There have been numerous reports of eyewitness sightings; however, the official Exmoor National Park website lists the beast under "Traditions, Folklore, and Legends", and the BBC calls it "the famous-yet-elusive beast of Exmoor." Sightings were first reported in the 1970s, although it became notorious in 1983, when a South Molton farmer named Eric Ley claimed to have lost over 100 sheep in the space of three months, all of them apparently killed by violent throat injuries. There was even a report of the Beast seen "fishing" with its paw into the River Barle at Simonsbath, whilst some locals theorised that its lair might be in old mine workings on the Moor. The Daily Express offered a reward for the capture or slaying of the Beast. Farm animal deaths in the area have been sporadically blamed on the Beast ever since. Sightings were reported in the Devon and Somerset areas of England.

It has been suggested that the beast may possibly be a cougar or black leopard which was released from a private collection sometime in the 1960s or 1970s after a law was passed making it illegal for them to be kept in captivity outside zoos. However, considering that cougar and leopard life spans are 12–15 years, this is unlikely. In 2006 the British Big Cats Society reported that a skull found by a Devon farmer was that of a puma, however the Department for Environment, Food and Rural Affairs (DEFRA) states that "Based on the evidence, DEFRA does not believe that there are big cats living in the wild in England."

Characteristics
Eyewitness testimony has produced a number of different descriptions. Most accounts report the animal as being a large cat either resembling a puma or a panther.
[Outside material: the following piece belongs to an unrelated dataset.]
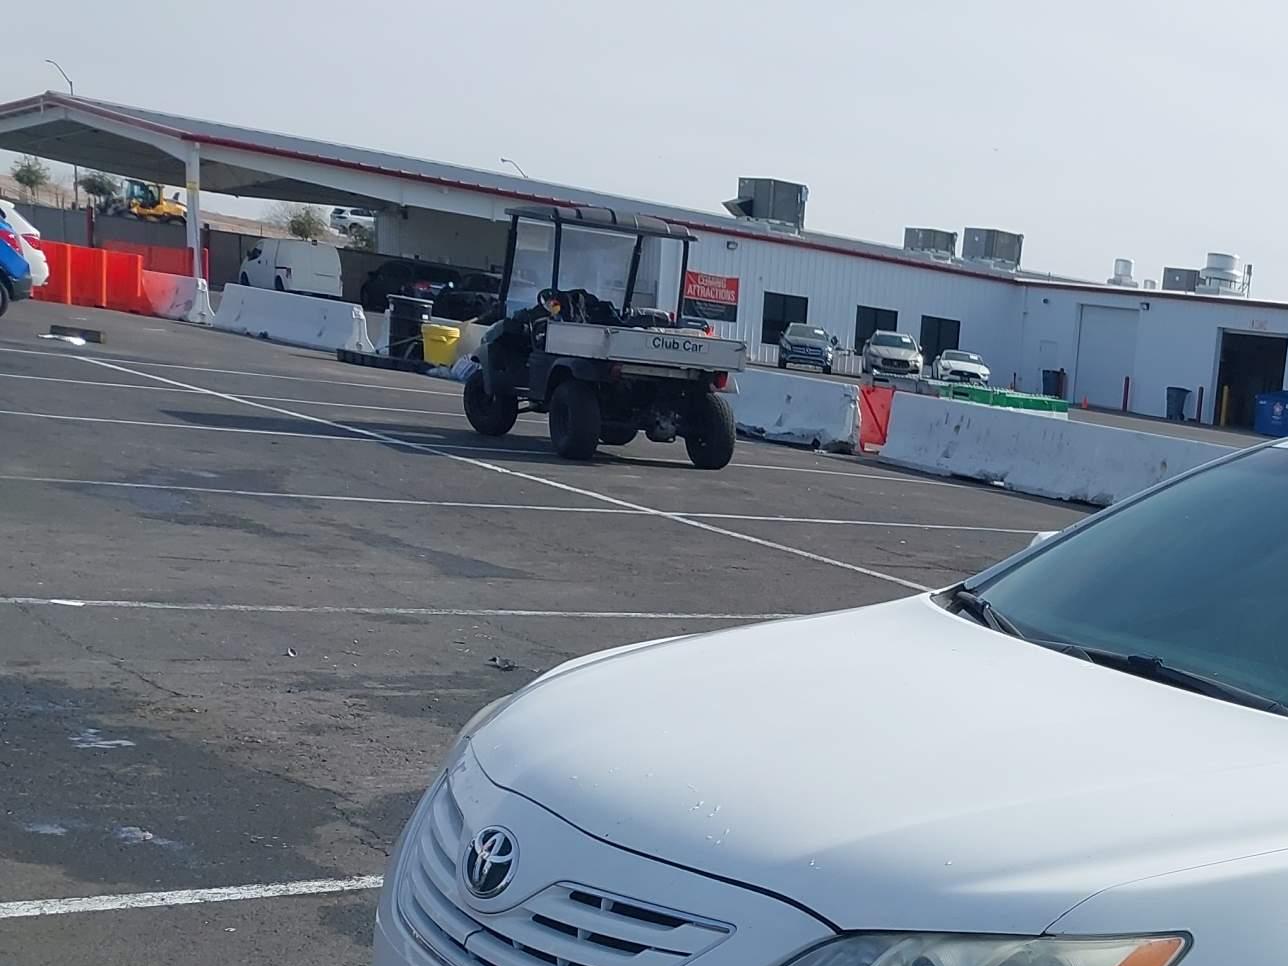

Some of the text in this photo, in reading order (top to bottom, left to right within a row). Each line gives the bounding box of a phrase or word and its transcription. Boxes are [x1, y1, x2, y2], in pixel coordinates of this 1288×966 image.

[687, 284, 736, 302] ATTRACTIONS
[652, 337, 705, 352] Club Car
It is recorded as being somewhere between three and four feet six inches long from nose to tail and 2 feet six inches in shoulder height, standing very low to the ground, and as having the ability to leap over 6-foot-tall fences with ease. Descriptions of its coloration range from black to tan or dark grey, with white markings on its head and neck. It is described as having a squat head with a short neck, a muscular body, and short legs. Its pawprints are three to four inches across. It is described as nocturnal.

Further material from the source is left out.